REQUIRED ACTION: What to return is the tail of the data, from the line that contains "this 1500×1000 image." down to the last line, copied exactly.

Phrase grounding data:
====
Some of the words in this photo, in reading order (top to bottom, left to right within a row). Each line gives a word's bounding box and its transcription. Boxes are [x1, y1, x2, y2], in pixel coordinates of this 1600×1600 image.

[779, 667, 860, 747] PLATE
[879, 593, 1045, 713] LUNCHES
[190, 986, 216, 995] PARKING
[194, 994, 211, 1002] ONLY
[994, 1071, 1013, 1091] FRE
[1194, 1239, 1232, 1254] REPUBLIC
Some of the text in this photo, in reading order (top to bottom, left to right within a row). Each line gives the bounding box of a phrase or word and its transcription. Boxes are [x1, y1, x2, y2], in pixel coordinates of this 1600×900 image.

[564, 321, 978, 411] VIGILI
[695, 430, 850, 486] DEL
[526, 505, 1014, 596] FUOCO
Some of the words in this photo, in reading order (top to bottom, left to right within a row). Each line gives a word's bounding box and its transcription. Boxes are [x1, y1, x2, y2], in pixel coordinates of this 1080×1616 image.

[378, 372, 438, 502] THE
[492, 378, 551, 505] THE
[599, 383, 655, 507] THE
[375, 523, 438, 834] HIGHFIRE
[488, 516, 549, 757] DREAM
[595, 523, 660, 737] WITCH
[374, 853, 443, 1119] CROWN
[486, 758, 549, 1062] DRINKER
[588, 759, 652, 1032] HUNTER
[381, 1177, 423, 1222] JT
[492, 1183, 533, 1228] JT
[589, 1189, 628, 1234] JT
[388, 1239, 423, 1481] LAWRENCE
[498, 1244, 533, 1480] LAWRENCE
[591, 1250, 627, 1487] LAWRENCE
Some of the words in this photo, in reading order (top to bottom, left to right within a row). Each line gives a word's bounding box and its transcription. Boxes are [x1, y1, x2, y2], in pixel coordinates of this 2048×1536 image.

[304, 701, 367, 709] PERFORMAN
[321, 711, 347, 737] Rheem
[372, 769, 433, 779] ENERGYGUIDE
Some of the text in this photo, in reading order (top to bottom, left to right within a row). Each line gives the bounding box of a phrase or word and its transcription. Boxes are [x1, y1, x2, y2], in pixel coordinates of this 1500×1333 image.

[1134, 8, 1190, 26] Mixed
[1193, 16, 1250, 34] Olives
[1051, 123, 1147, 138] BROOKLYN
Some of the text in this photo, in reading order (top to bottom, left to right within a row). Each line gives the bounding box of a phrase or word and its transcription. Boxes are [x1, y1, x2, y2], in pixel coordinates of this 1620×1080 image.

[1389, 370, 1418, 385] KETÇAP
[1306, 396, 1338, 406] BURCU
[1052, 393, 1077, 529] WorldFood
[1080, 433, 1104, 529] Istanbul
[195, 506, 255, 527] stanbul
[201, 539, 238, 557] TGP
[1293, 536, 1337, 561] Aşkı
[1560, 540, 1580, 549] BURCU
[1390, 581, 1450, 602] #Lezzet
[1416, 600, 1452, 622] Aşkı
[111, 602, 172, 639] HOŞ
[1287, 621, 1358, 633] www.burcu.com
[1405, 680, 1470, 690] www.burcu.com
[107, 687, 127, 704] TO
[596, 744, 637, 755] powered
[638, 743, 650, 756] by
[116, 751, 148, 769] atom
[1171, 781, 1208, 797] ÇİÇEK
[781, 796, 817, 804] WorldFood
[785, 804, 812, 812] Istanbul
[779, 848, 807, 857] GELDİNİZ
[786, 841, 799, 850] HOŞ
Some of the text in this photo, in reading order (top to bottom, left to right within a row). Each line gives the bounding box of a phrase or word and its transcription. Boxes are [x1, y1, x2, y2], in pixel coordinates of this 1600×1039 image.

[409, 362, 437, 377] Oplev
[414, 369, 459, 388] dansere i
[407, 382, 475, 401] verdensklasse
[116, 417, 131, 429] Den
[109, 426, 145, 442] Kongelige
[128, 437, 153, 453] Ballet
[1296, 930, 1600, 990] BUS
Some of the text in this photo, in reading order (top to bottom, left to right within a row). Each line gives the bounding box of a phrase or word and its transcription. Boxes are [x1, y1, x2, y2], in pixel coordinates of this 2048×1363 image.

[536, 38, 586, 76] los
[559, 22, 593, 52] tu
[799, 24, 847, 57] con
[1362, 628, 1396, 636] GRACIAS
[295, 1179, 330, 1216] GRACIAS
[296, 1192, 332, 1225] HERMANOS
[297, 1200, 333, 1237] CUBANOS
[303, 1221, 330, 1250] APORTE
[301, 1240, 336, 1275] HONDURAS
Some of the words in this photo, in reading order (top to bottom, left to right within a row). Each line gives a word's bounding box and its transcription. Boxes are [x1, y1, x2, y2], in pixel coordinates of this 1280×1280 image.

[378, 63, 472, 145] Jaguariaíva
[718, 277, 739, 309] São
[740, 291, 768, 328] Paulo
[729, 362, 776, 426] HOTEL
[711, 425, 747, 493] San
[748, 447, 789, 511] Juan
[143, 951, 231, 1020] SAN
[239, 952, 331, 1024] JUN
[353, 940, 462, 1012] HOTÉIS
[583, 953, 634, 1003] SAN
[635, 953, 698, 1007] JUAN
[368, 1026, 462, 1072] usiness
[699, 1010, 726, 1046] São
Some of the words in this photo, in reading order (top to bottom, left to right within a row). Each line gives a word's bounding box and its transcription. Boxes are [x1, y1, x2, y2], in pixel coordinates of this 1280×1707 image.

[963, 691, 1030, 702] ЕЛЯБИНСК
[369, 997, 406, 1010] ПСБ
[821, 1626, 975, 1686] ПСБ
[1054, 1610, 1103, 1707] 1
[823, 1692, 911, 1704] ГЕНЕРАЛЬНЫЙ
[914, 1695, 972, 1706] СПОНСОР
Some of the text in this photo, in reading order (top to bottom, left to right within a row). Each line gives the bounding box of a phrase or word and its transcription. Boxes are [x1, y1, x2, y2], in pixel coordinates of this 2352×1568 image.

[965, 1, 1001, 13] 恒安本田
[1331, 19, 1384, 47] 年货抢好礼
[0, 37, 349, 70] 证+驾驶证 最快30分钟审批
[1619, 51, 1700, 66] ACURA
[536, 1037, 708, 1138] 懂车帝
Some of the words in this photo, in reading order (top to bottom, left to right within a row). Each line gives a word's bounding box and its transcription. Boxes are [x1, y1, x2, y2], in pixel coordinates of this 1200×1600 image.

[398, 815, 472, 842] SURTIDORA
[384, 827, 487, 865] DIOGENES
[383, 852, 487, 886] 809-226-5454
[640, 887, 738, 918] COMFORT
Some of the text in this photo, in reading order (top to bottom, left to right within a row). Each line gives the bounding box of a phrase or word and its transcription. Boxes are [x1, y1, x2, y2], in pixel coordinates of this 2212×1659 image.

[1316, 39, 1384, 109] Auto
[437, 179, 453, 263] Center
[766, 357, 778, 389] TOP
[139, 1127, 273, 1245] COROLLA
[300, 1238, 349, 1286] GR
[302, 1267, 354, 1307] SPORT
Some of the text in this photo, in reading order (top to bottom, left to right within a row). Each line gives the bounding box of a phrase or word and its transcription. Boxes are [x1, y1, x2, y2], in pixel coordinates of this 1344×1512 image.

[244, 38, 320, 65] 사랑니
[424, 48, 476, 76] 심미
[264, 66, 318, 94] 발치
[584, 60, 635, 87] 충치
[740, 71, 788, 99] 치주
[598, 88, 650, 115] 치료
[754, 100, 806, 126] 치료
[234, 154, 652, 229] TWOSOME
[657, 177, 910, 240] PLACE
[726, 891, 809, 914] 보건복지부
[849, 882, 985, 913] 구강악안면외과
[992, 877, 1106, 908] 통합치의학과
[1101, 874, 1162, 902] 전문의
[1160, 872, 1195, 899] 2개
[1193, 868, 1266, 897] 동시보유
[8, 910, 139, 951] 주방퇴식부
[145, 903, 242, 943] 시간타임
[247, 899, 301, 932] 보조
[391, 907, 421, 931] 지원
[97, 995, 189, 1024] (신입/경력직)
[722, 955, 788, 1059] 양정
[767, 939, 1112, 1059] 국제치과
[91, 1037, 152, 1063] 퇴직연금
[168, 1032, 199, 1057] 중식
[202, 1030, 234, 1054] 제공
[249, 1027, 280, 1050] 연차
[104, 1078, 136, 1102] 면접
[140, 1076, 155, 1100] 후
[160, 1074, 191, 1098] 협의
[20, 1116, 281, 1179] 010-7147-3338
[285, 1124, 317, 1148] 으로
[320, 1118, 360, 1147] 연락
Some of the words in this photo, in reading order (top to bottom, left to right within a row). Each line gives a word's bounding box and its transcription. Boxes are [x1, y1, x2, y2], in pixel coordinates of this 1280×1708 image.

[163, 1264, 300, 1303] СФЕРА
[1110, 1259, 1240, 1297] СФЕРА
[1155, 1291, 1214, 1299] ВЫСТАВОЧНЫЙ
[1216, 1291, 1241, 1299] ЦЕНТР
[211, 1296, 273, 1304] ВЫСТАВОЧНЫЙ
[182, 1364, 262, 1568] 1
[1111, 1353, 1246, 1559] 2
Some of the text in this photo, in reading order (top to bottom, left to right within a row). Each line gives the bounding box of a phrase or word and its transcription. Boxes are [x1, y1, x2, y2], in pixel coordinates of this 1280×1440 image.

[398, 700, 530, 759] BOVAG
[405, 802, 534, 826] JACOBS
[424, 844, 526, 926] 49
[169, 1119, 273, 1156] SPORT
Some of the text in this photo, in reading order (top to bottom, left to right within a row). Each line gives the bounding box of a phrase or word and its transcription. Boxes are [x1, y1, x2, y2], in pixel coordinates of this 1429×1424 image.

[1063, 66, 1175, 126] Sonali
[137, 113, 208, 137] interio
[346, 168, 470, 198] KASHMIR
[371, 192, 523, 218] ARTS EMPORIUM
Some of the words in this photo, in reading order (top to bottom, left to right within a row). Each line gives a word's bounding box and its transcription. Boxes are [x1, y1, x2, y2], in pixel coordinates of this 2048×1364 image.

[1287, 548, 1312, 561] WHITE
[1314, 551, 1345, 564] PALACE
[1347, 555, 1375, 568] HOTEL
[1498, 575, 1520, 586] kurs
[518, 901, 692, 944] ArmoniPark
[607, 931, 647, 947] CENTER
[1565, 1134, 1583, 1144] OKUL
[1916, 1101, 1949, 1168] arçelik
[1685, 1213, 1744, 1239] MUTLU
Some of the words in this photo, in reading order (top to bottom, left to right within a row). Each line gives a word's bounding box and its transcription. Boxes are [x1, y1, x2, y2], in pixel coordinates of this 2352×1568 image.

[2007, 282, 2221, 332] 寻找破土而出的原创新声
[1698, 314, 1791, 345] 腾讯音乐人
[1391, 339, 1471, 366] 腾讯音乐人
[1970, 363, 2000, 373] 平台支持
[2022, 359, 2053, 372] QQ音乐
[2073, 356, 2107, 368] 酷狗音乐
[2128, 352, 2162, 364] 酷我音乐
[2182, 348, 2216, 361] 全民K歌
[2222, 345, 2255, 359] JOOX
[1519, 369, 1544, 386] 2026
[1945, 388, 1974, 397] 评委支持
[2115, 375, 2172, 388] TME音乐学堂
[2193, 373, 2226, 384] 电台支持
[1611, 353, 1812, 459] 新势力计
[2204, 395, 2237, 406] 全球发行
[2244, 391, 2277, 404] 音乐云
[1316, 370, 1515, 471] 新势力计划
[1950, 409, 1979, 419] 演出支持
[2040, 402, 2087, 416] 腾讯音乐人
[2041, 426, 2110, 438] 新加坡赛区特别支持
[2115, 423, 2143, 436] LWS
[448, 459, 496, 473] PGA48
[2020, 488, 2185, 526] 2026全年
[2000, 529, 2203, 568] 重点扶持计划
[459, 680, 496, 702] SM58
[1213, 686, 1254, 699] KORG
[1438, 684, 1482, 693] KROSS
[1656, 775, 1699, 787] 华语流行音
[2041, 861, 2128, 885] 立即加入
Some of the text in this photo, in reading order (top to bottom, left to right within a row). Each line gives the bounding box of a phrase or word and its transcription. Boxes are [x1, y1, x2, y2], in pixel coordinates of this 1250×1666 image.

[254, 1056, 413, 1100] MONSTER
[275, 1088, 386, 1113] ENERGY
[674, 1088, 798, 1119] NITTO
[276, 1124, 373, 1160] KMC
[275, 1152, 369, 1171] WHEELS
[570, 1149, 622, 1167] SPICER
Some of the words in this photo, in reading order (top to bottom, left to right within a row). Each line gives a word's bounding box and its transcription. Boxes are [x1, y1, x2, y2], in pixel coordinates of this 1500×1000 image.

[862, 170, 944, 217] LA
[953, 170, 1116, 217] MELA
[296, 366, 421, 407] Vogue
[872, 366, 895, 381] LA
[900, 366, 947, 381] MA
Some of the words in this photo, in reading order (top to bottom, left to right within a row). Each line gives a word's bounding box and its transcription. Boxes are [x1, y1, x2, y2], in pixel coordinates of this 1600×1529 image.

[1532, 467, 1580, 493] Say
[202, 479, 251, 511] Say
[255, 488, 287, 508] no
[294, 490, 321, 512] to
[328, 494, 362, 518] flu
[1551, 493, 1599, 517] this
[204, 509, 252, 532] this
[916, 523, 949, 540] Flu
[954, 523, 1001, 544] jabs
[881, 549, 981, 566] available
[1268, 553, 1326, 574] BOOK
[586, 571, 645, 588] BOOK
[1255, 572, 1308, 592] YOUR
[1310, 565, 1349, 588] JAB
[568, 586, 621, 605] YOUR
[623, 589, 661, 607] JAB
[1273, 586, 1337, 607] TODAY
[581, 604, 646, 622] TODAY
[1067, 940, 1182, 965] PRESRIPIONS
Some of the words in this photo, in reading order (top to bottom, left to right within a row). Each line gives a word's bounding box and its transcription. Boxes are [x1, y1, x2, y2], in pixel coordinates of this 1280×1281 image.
====
TASK OUTPUT:
Some of the words in this photo, in reading order (top to bottom, left to right within a row). Each line gives a word's bounding box and its transcription. Boxes are [x1, y1, x2, y2], in pixel coordinates of this 1500×1000 image.

[862, 170, 944, 217] LA
[953, 170, 1116, 217] MELA
[296, 366, 421, 407] Vogue
[872, 366, 895, 381] LA
[900, 366, 947, 381] MA
Some of the words in this photo, in reading order (top to bottom, left to right within a row). Each line gives a word's bounding box and its transcription. Boxes are [x1, y1, x2, y2], in pixel coordinates of this 1600×1529 image.

[1532, 467, 1580, 493] Say
[202, 479, 251, 511] Say
[255, 488, 287, 508] no
[294, 490, 321, 512] to
[328, 494, 362, 518] flu
[1551, 493, 1599, 517] this
[204, 509, 252, 532] this
[916, 523, 949, 540] Flu
[954, 523, 1001, 544] jabs
[881, 549, 981, 566] available
[1268, 553, 1326, 574] BOOK
[586, 571, 645, 588] BOOK
[1255, 572, 1308, 592] YOUR
[1310, 565, 1349, 588] JAB
[568, 586, 621, 605] YOUR
[623, 589, 661, 607] JAB
[1273, 586, 1337, 607] TODAY
[581, 604, 646, 622] TODAY
[1067, 940, 1182, 965] PRESRIPIONS
Some of the words in this photo, in reading order (top to bottom, left to right within a row). Each line gives a word's bounding box and its transcription. Boxes are [x1, y1, x2, y2], in pixel coordinates of this 1280×1281 image.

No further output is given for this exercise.